--- DATA UNDER STUDY Enclosed Below ---

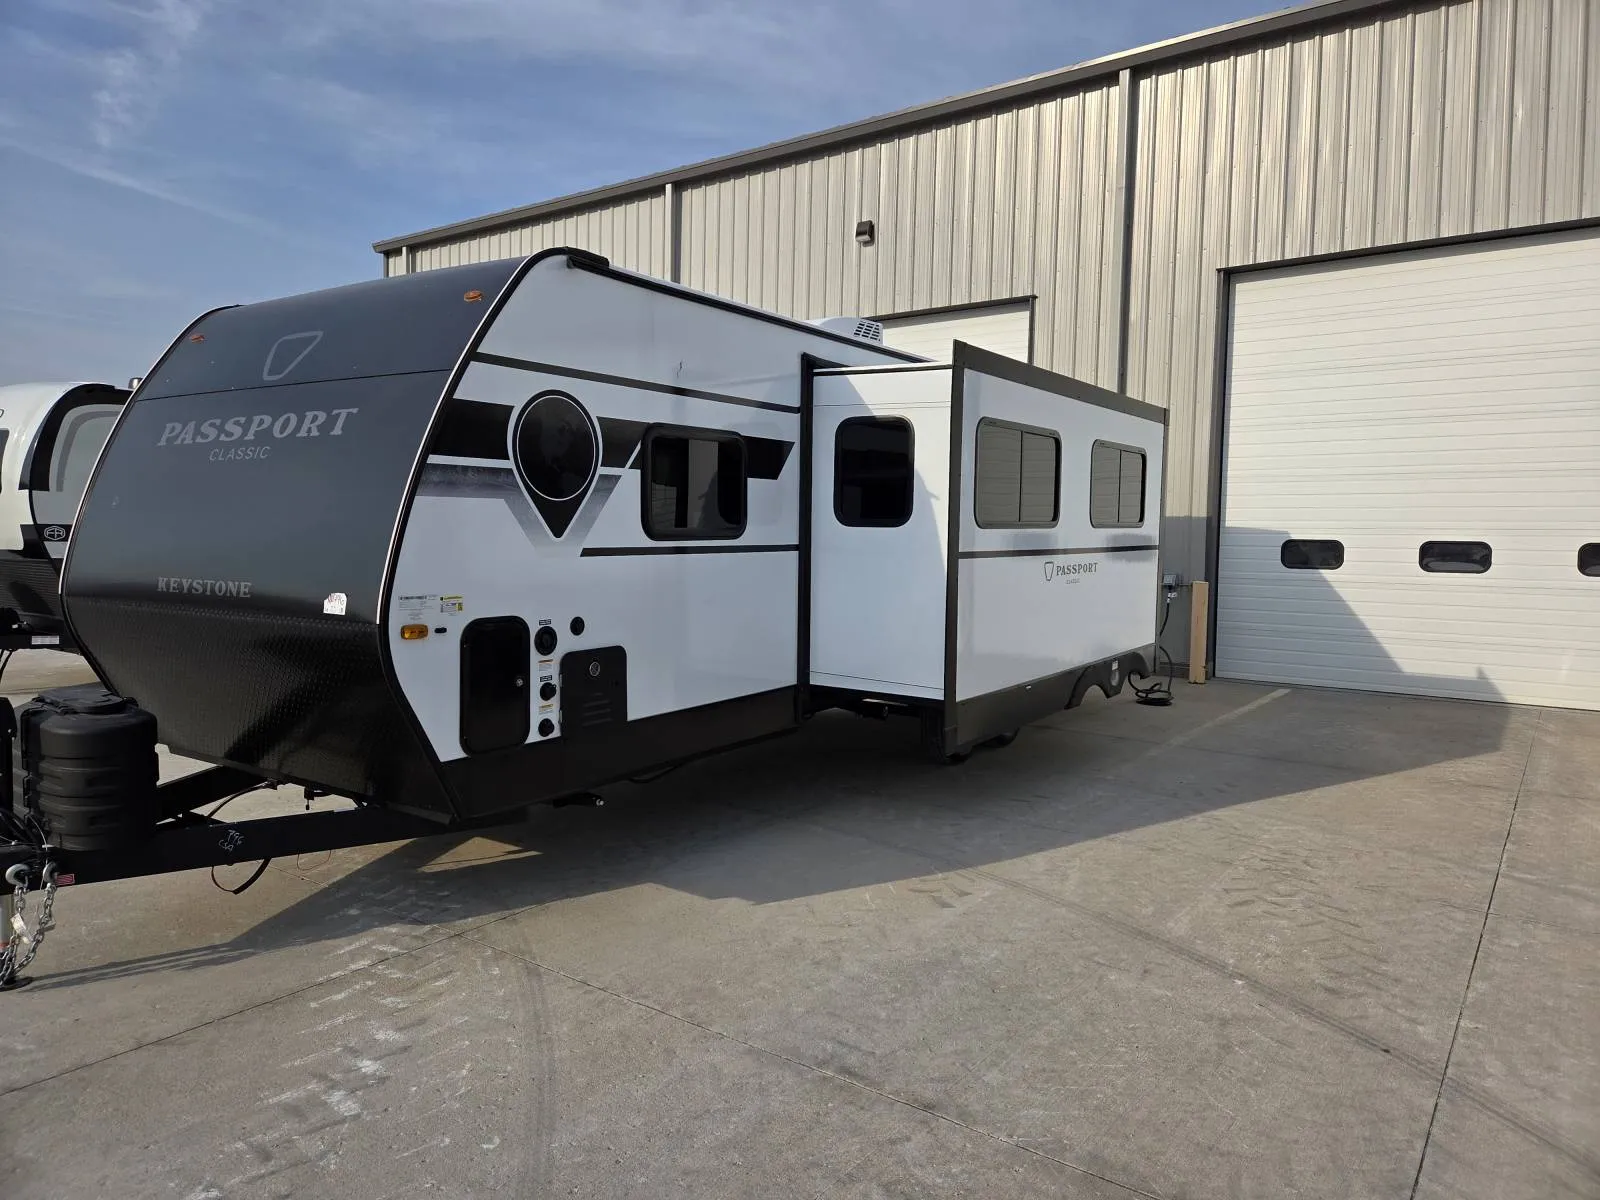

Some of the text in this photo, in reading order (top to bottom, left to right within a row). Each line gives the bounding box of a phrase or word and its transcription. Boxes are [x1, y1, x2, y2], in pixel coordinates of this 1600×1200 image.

[156, 407, 360, 446] PASSPORT
[208, 446, 271, 462] CLASSIC
[1055, 562, 1099, 577] PASSPORT
[156, 576, 253, 598] KEYSTONE

--- End of Enclosed DATA UNDER STUDY ---

TASK TO COMPLETE. Your job is to copy each entry exactly as written; the pictures do not go in.

OUTPUT OF THE TASK.
Some of the text in this photo, in reading order (top to bottom, left to right within a row). Each line gives the bounding box of a phrase or word and its transcription. Boxes are [x1, y1, x2, y2], in pixel coordinates of this 1600×1200 image.

[156, 407, 360, 446] PASSPORT
[208, 446, 271, 462] CLASSIC
[1055, 562, 1099, 577] PASSPORT
[156, 576, 253, 598] KEYSTONE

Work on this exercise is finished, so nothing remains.